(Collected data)
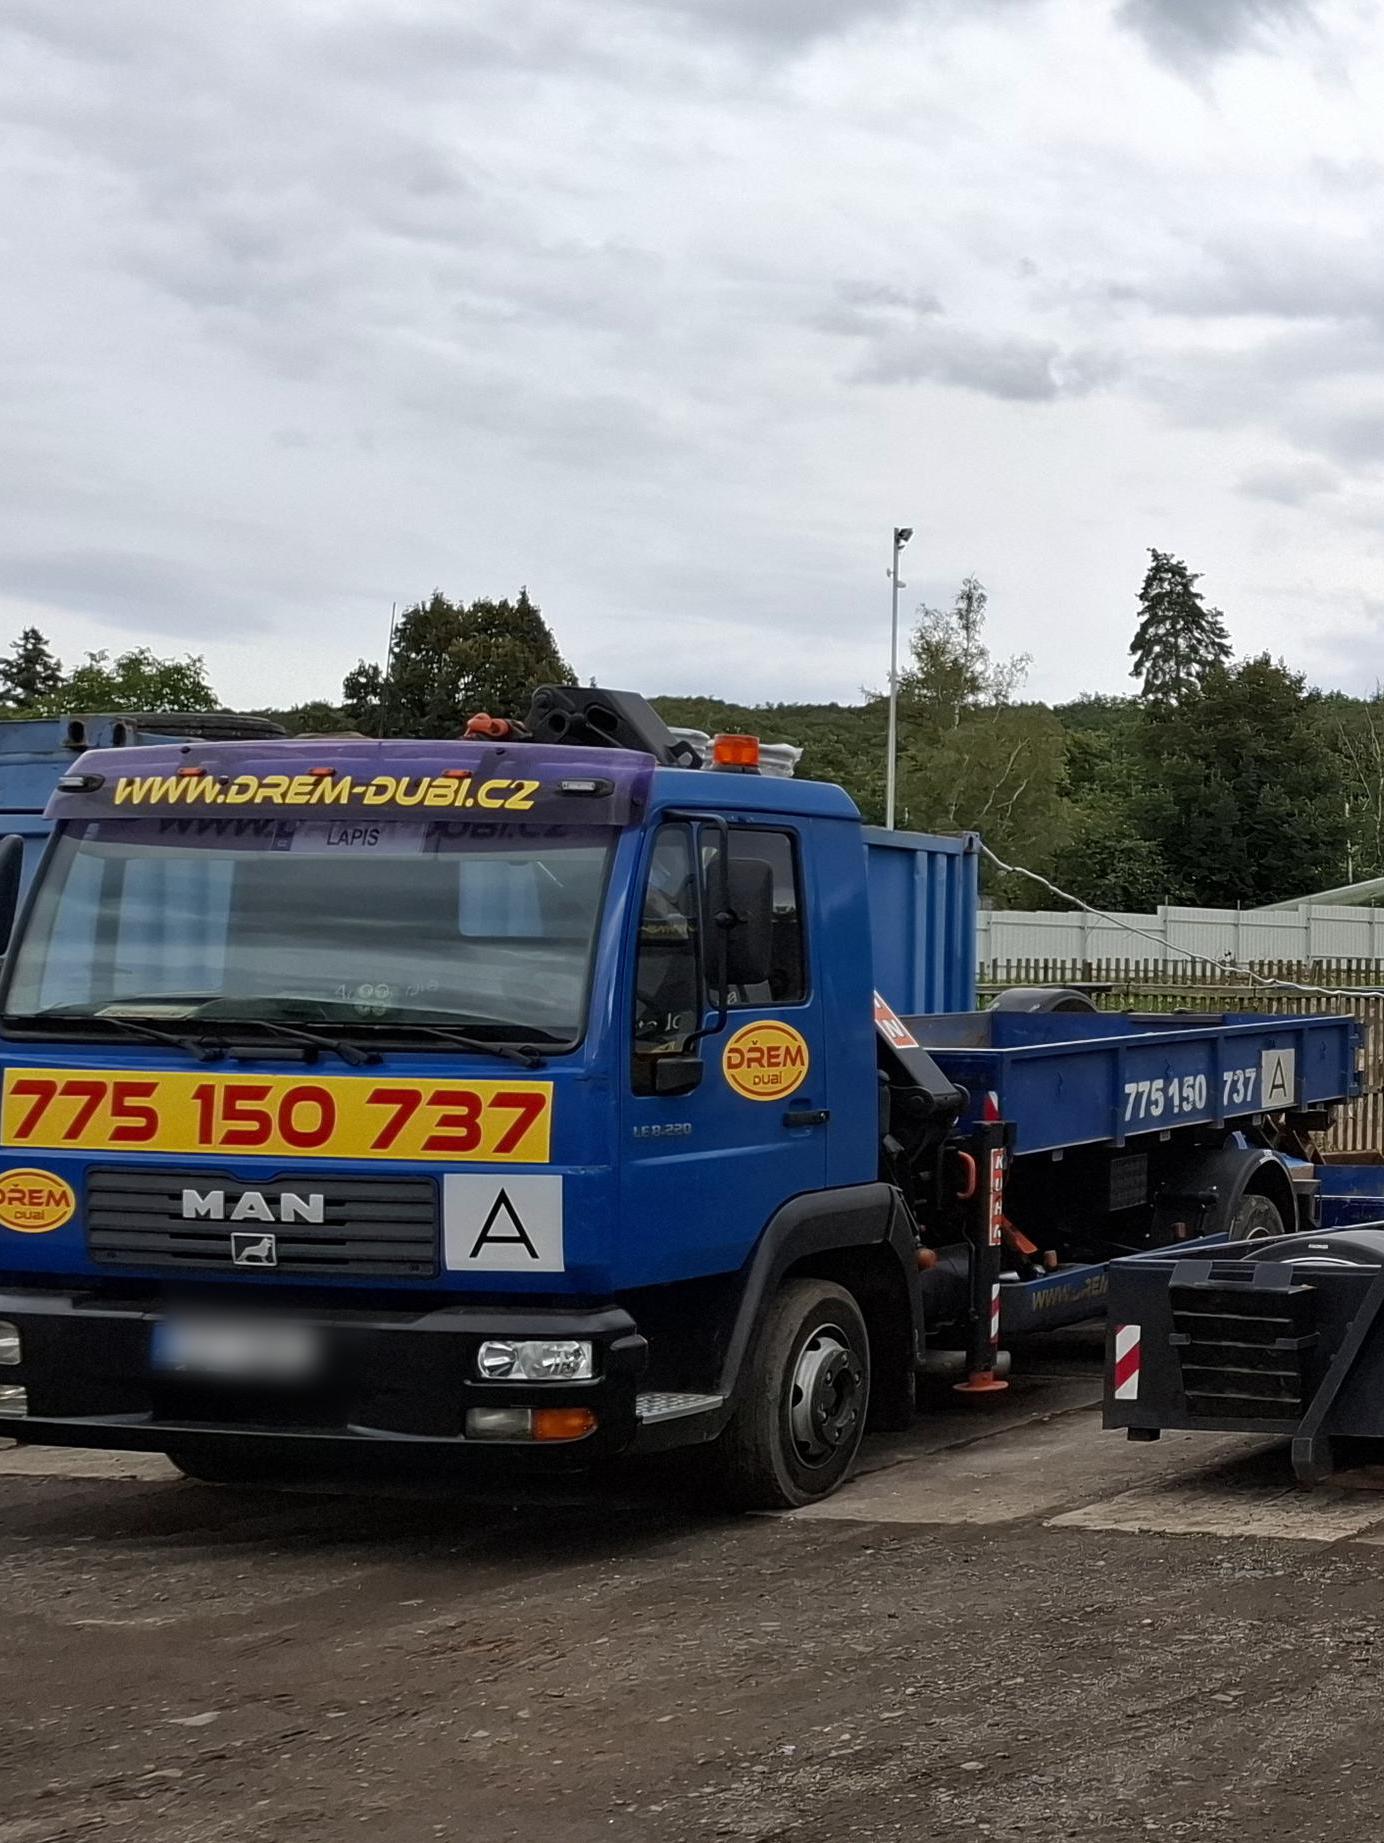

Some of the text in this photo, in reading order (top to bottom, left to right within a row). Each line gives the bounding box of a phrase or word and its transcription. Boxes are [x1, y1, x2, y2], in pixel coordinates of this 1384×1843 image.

[114, 775, 540, 809] WWW.DREM-DUBI.CZ
[326, 828, 381, 847] LAPIS
[726, 1039, 806, 1070] DŘEM
[1124, 1067, 1257, 1121] 775 150 737
[1268, 1055, 1288, 1099] A
[9, 1079, 547, 1154] 775 150 737
[182, 1189, 324, 1224] MAN
[469, 1187, 540, 1260] A

## Brief
Output the records exactly as they appear, skipping any pictures.

## Answer to this problem
Some of the text in this photo, in reading order (top to bottom, left to right within a row). Each line gives the bounding box of a phrase or word and its transcription. Boxes are [x1, y1, x2, y2], in pixel coordinates of this 1384×1843 image.

[114, 775, 540, 809] WWW.DREM-DUBI.CZ
[326, 828, 381, 847] LAPIS
[726, 1039, 806, 1070] DŘEM
[1124, 1067, 1257, 1121] 775 150 737
[1268, 1055, 1288, 1099] A
[9, 1079, 547, 1154] 775 150 737
[182, 1189, 324, 1224] MAN
[469, 1187, 540, 1260] A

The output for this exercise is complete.